Saturday, April 27, 2013

Andrew McCarthy, the federal prosecutor of the blind sheik of the first Trade Center bombing, doesn't think much of the way the Obama Justice Department has handled the interrogation of the Tsarnaev killer now being held as a  prisoner.  He argues that it was a major mistake to read him his Miranda rights and allow him to get lawyered up, and what's more it was a mistake to try him in the criminal court system rather than as an enemy combatant.  


Obama’s National-Security Fraud

Unlike you, federal government officials are immune from charges of fraud. The executive branch, vested with all of the government’s prosecutorial authority and discretion, is not going to investigate its own operatives for carrying out its own mendacious policies.
That is the story of last week’s Boston Marathon bombing and the frantic efforts of the bombers, the brothers Tsarnaev, to evade capture, shoot it out with police (one of whom they killed, and another of whom they wounded), and — we’re now told — detonate more bombs in Times Square.
The Times Square non-attack is quite interesting.
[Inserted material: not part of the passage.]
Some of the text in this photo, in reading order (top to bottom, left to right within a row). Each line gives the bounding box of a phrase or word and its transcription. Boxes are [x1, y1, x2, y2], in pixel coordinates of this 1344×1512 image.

The specter of it, projected in the immediate wake of the Marathon murders and maimings, is horrific . . . so horrific that the government, in leaking this tidbit from its botched interrogation of Dzhokhar Tsarnaev, knew that news media were certain to lead their broadcasts with it. The press would never wonder why they, and thus we, were being told about it.
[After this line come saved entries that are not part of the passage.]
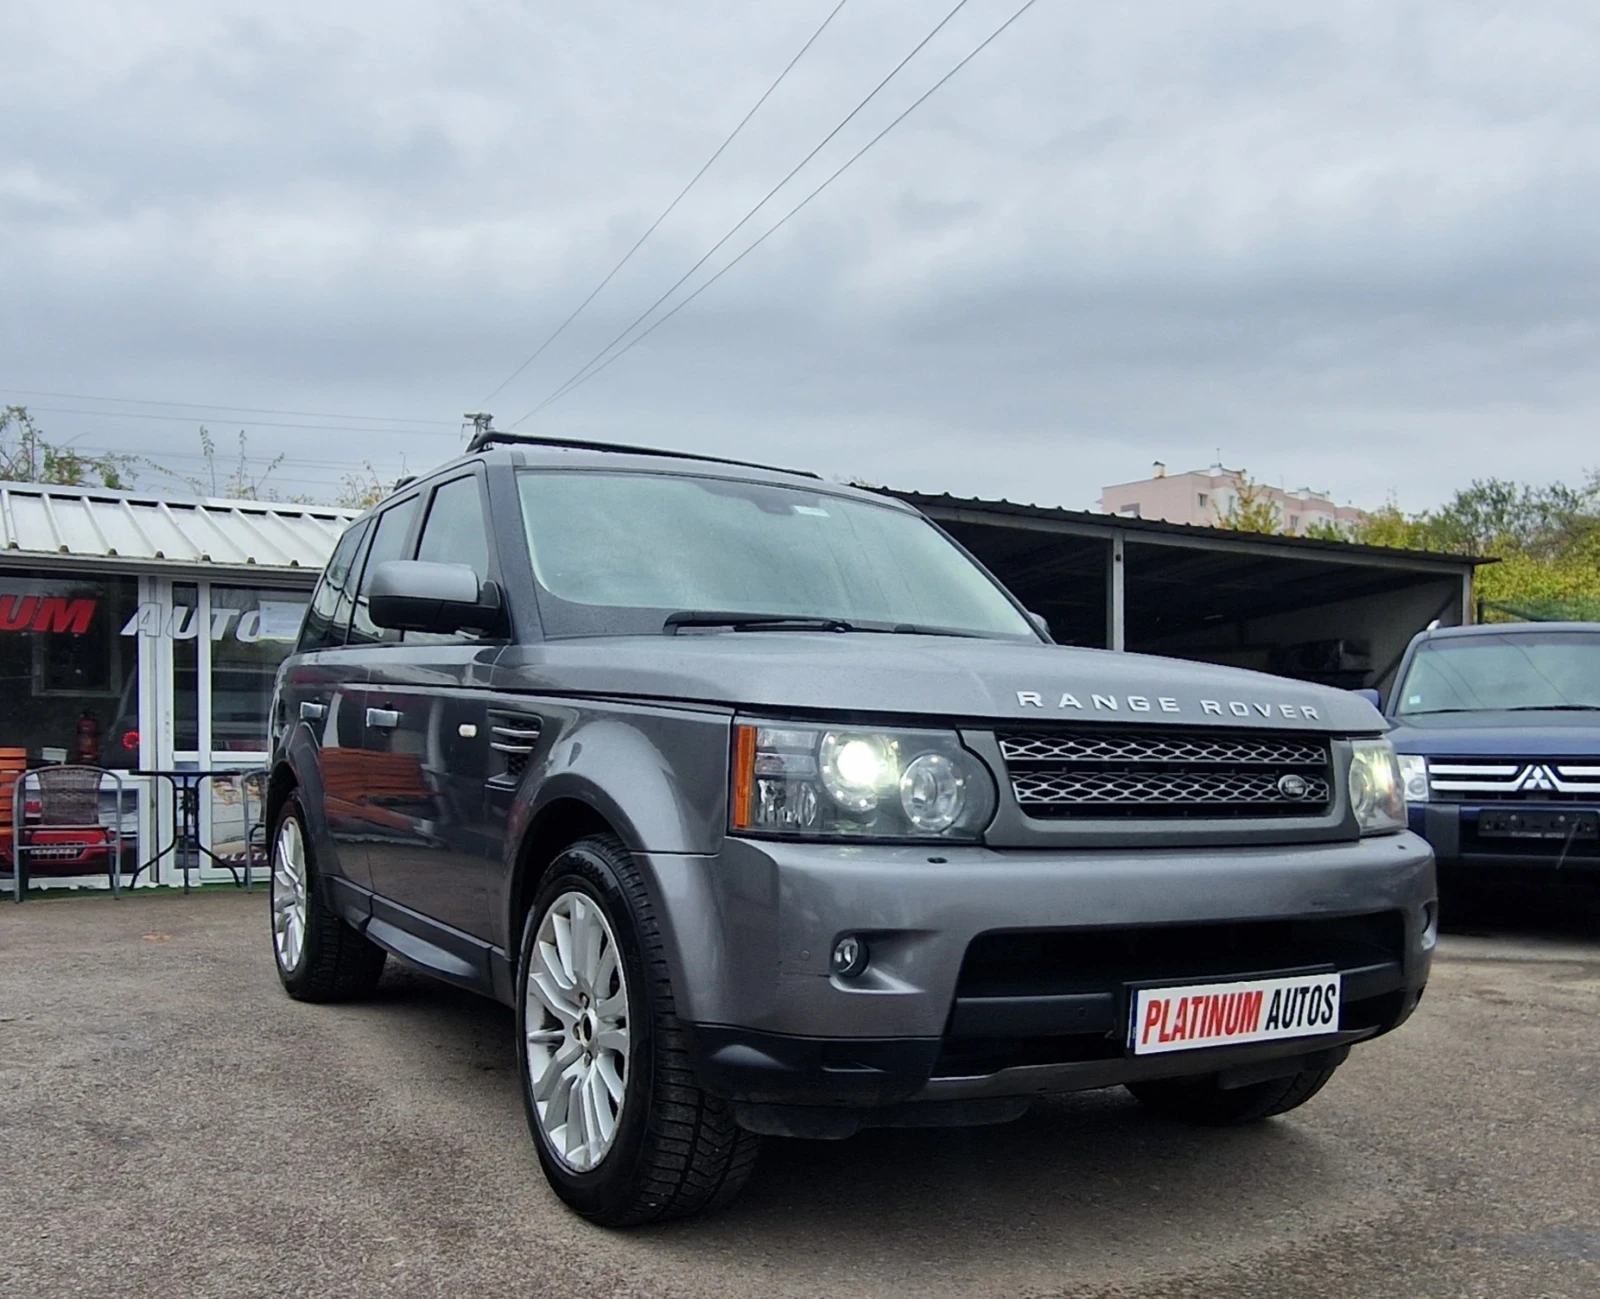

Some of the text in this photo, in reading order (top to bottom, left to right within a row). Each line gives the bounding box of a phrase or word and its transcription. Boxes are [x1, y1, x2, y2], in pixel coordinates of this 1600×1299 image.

[120, 602, 297, 644] AUTO
[1016, 690, 1321, 721] RANGE ROVER
[1141, 983, 1336, 1045] PLATINUM AUTOS
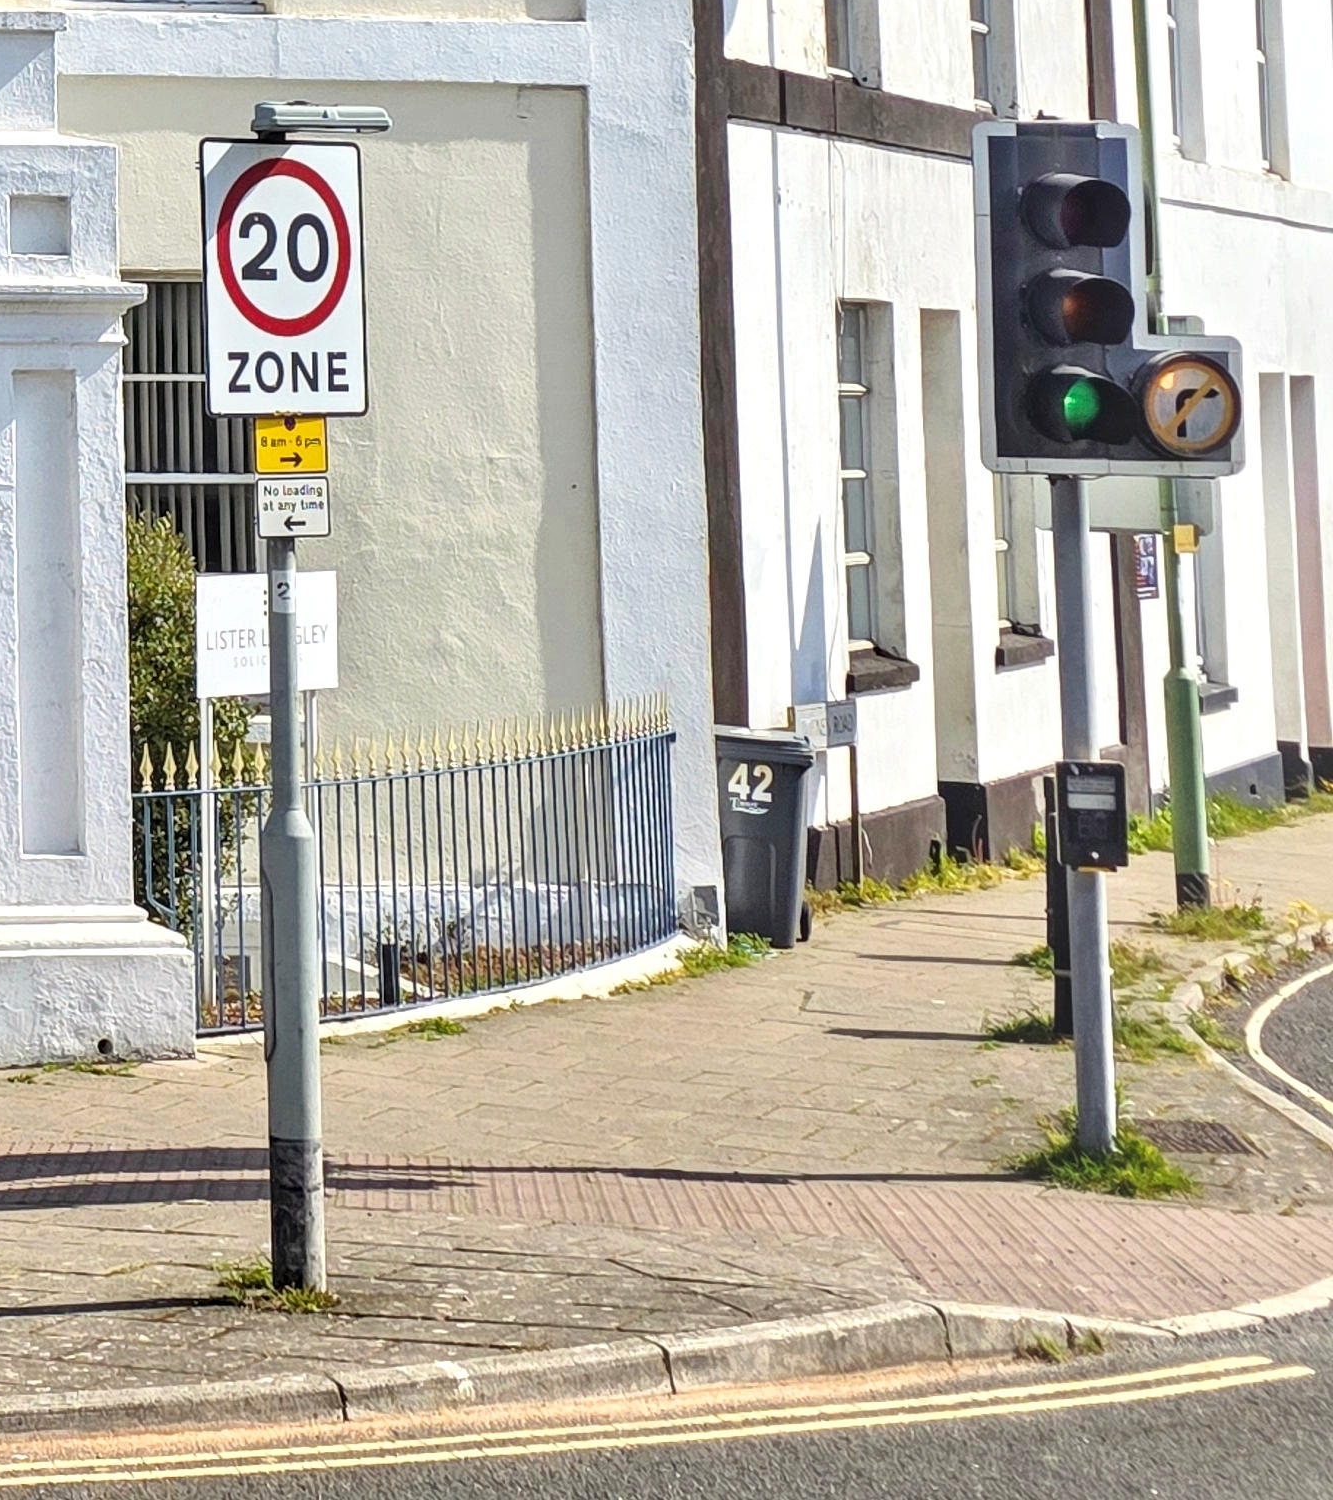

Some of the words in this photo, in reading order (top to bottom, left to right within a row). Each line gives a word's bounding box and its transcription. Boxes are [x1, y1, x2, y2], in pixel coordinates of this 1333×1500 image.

[238, 212, 330, 283] 20
[228, 351, 350, 394] ZONE
[263, 485, 279, 496] No
[282, 484, 323, 498] loading
[262, 500, 274, 512] at
[278, 501, 297, 513] any
[300, 499, 324, 510] time
[276, 582, 291, 601] 2
[206, 628, 257, 651] LISTER
[261, 623, 329, 647] LGLEY
[728, 763, 774, 803] 42
But why were they told? Remember, the Times Square bombing not only never happened, it never came close to happening. It was, at most, a passing jihadist fantasy, one that the jihadists in question peremptorily dismissed as implausible. The threat was no more real than those that regularly stream out of Islamic-supremacist mosques and, just as regularly, go studiously unreported.
Mind you, there is nothing inappropriate about government officials’ speaking about matters on the public record — such as the allegations lodged in criminal complaints. But the Times Square non-attack is not mentioned in the complaintfiled against Dzhokhar Tsarnaev. In fact, the complaint includes no information from Tsarnaev’s interrogation.
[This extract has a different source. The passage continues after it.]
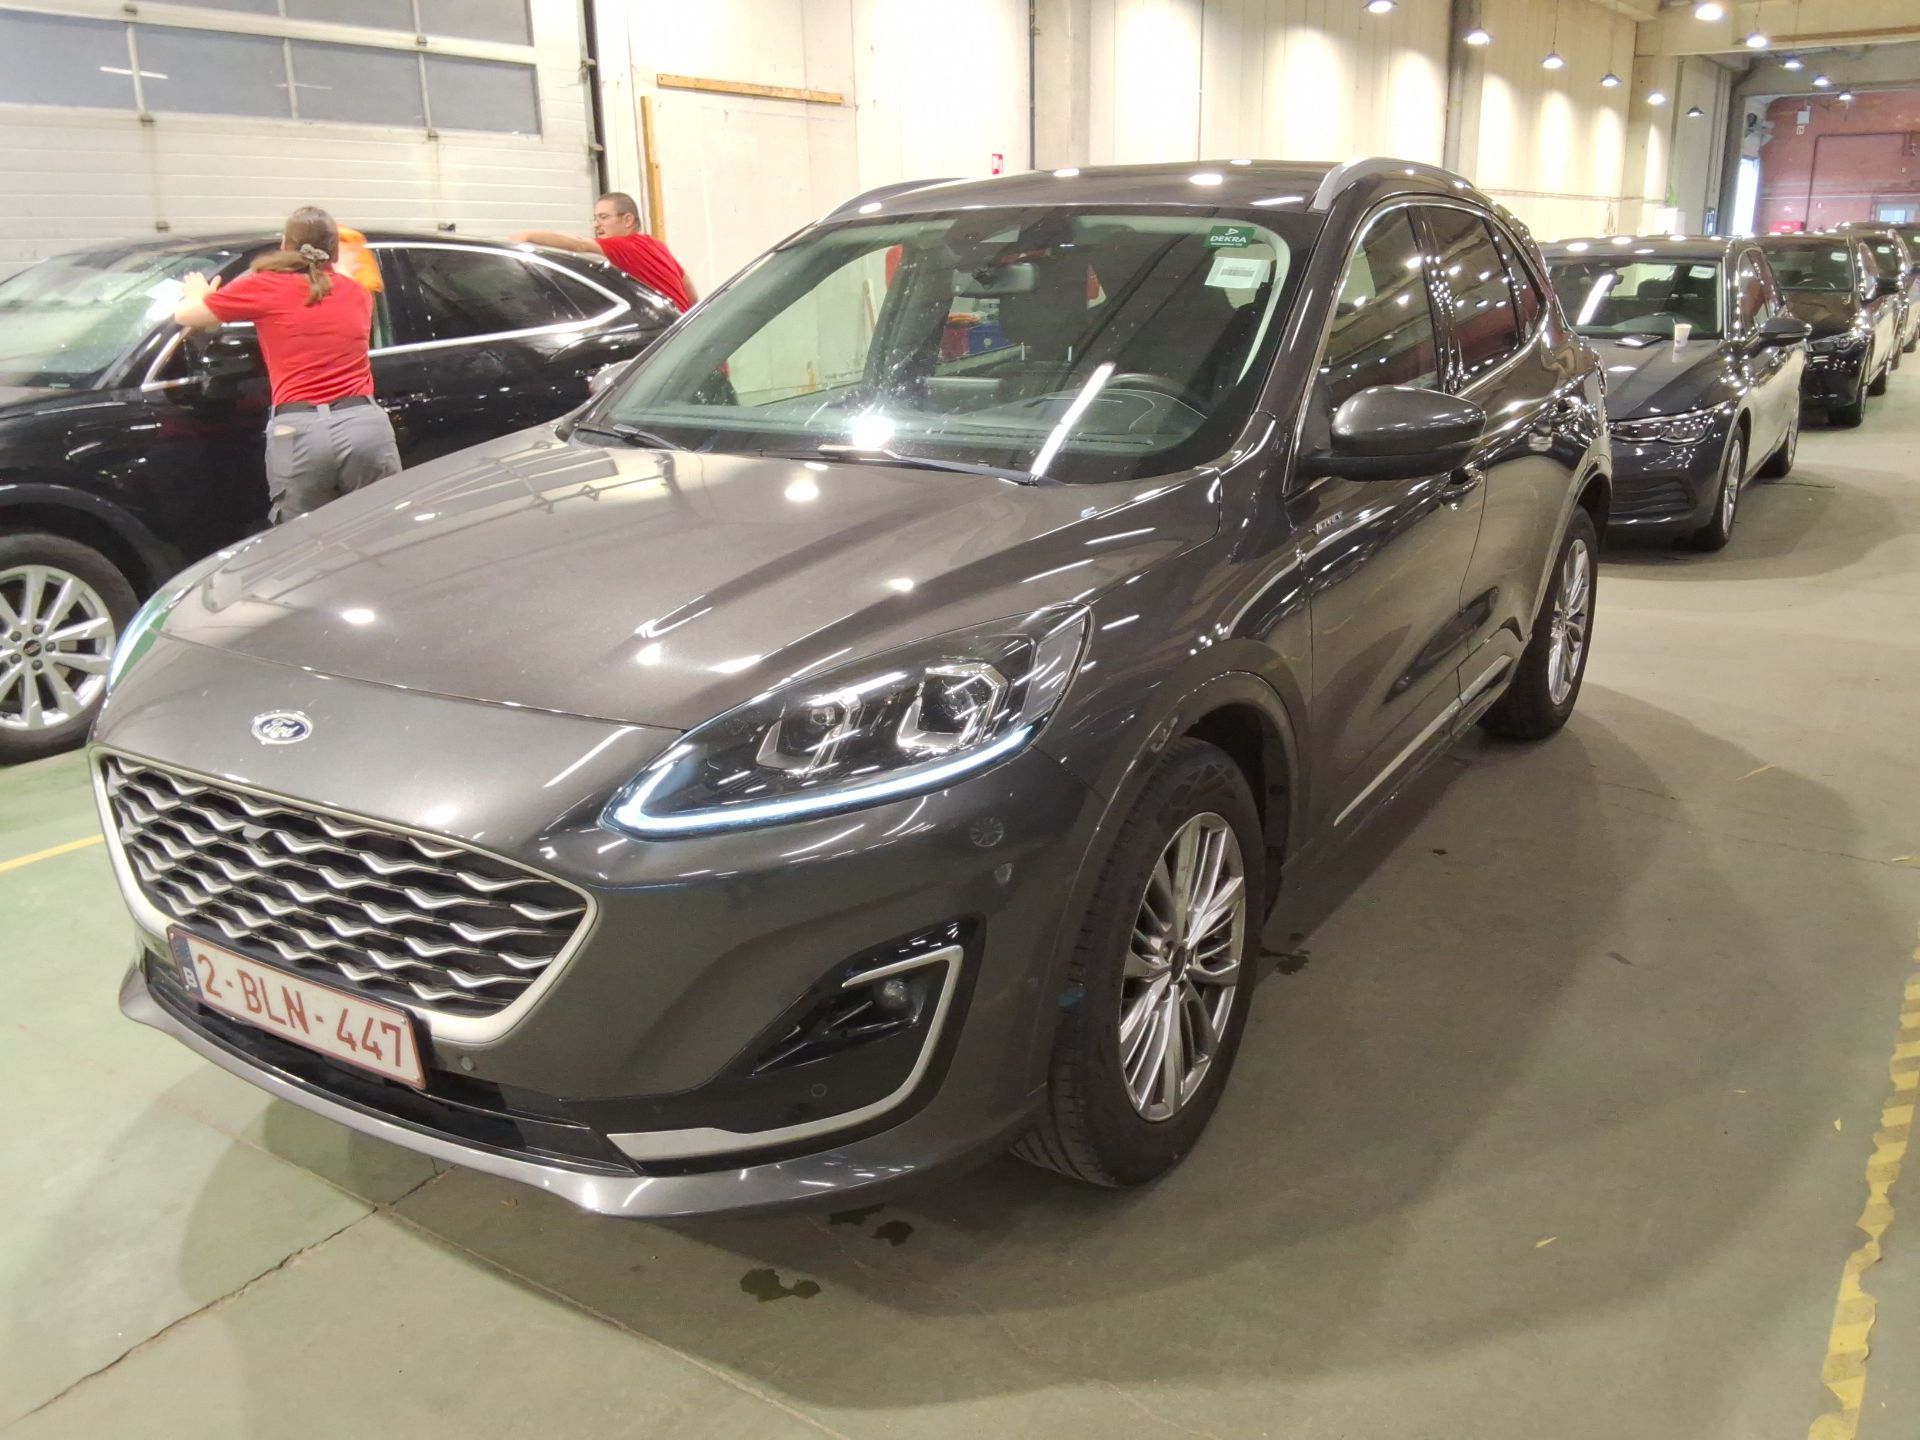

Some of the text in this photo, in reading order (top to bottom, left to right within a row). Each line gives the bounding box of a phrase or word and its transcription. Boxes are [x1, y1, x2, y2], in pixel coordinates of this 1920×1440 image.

[1209, 235, 1247, 243] DEKRA
[262, 717, 301, 739] Ford
[182, 966, 198, 988] B
[197, 953, 403, 1068] 2-BLN-447
Yet somehow the airwaves are now full of startling revelations from his Miranda-aborted 16-hour post-arrest interview, including not least his confession, and, of course, his assurance, as Allah is his witness, that no one other than he and his Svengali older brother — and certainly no foreign Islamic terrorist organization — had anything to do with their terror spree.
Strange, isn’t it? We are governed by leftists given to finger-wagging about their commitment to due process and the rule of law — they’re not like those bad old warmongering Bushies. Still, here we are in the post-arrest phase of the civilian prosecution the administration was hell-bent on commencing — the phase when due process obliges government officials to remain mum about non-public investigative information that could taint the jury pool and undermine the defendant’s right to a fair trial — and we’re being inundated with stunning confession evidence.
Remember, this is the same crowd that labels the Fort Hood massacre “workplace violence” and won’t honor its victims with Purple Heart medals. To do so, they sniff, might prejudice the objectivity of the trial of a jihadist mass murderer who has publicly announced he’d like to plead guilty. Now, though, in Tsarnaev’s case, government agencies are leaking like sieves.
Why?
Because you are being softened up. Steered by its Gitmo Bar veterans and Lawyer Left compass, the Obama administration is executing a massive national-security fraud: the farce that the jihad against America can be judicialized, that civilian-court processes are a better answer to enemy warfare than are combat protocols.
That is why Eric Holder’s Justice Department, together with the FBI, darted into federal court in Boston last Sunday evening to file the complaint against Tsarnaev. Obama was determined to end the public debate over whether the jihadist is a wartime enemy combatant or a mere criminal defendant. As in the case of Sulaiman Abu Ghaith, Osama bin Laden’s son-in-law and al-Qaeda’s alleged “consigliere,” who was whisked into the country and into civilian court before anyone even realized he’d been captured, the administration calculated that a fait accompli is the best way to impose the president’s deeply unpopular preferences.